• Records for this task:
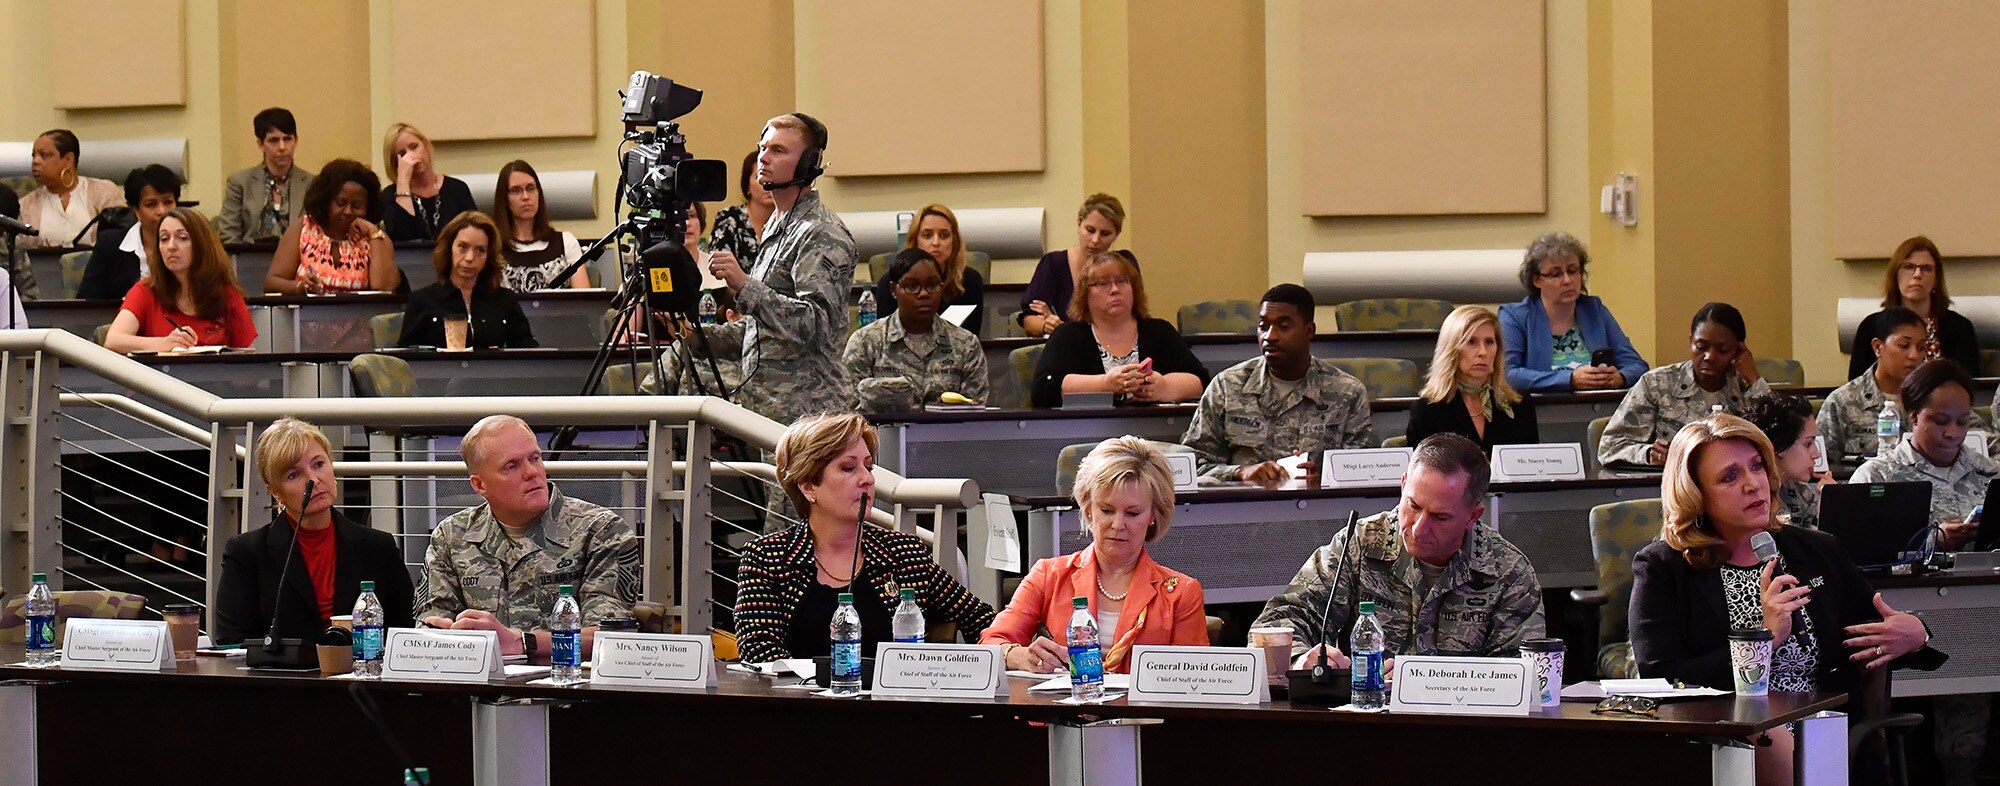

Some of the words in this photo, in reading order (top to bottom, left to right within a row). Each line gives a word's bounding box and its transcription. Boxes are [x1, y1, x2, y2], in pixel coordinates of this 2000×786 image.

[635, 73, 641, 86] 3
[463, 576, 479, 586] CODY
[1461, 611, 1474, 622] AIR
[403, 639, 433, 648] CMSAF
[433, 640, 456, 649] James
[457, 640, 476, 651] Cody
[615, 642, 633, 651] Mrs.
[636, 643, 660, 654] Nancy
[661, 644, 688, 653] Wilson
[424, 654, 443, 662] Sergeant
[898, 652, 917, 661] Mrs.
[919, 653, 942, 662] Dawn
[944, 653, 980, 663] Goldfein
[1146, 661, 1181, 671] General
[1182, 661, 1208, 672] David
[1210, 662, 1248, 672] Goldfein
[1408, 668, 1426, 678] Ms.
[1428, 668, 1467, 679] Deborah
[1470, 669, 1487, 680] Lee
[1488, 670, 1518, 680] James
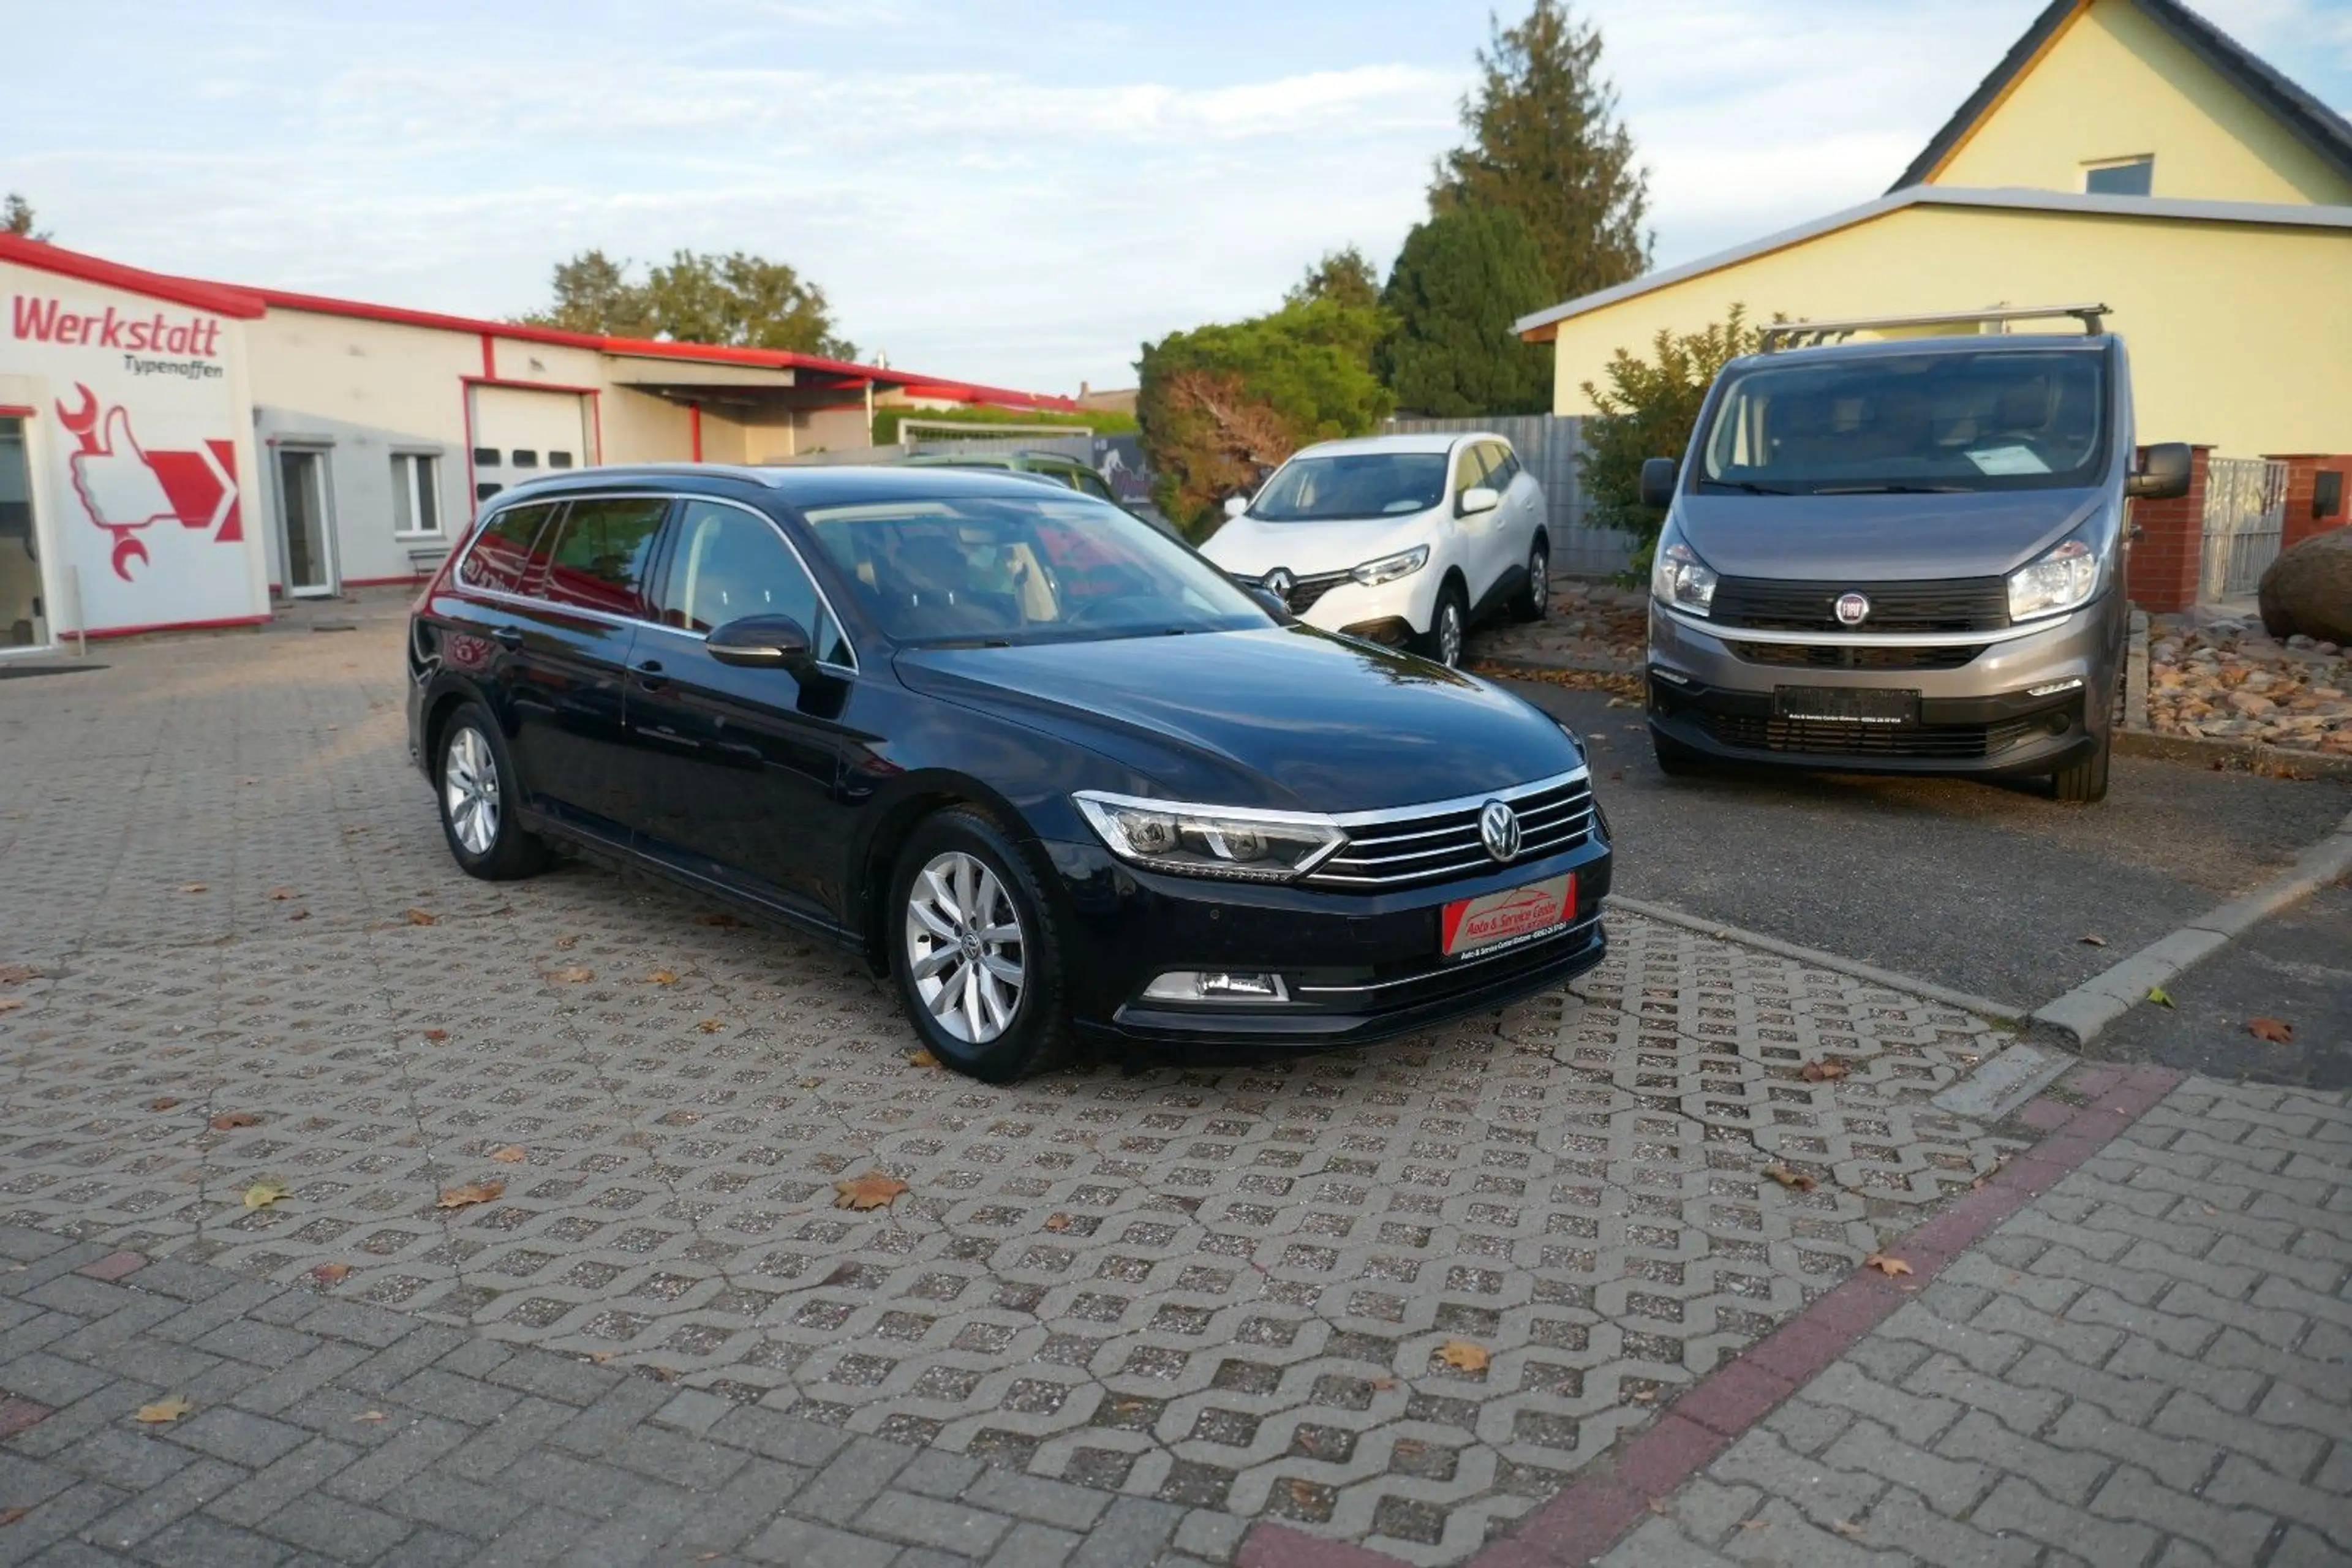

• Problem details:
Apart from the images, everything in the records must be repeated exactly.

• Solution below:
Some of the words in this photo, in reading order (top to bottom, left to right within a row). Each line gives a word's bounding box and its transcription. Boxes are [x1, y1, x2, y2], in pixel coordinates of this 2000×786 image.

[635, 73, 641, 86] 3
[463, 576, 479, 586] CODY
[1461, 611, 1474, 622] AIR
[403, 639, 433, 648] CMSAF
[433, 640, 456, 649] James
[457, 640, 476, 651] Cody
[615, 642, 633, 651] Mrs.
[636, 643, 660, 654] Nancy
[661, 644, 688, 653] Wilson
[424, 654, 443, 662] Sergeant
[898, 652, 917, 661] Mrs.
[919, 653, 942, 662] Dawn
[944, 653, 980, 663] Goldfein
[1146, 661, 1181, 671] General
[1182, 661, 1208, 672] David
[1210, 662, 1248, 672] Goldfein
[1408, 668, 1426, 678] Ms.
[1428, 668, 1467, 679] Deborah
[1470, 669, 1487, 680] Lee
[1488, 670, 1518, 680] James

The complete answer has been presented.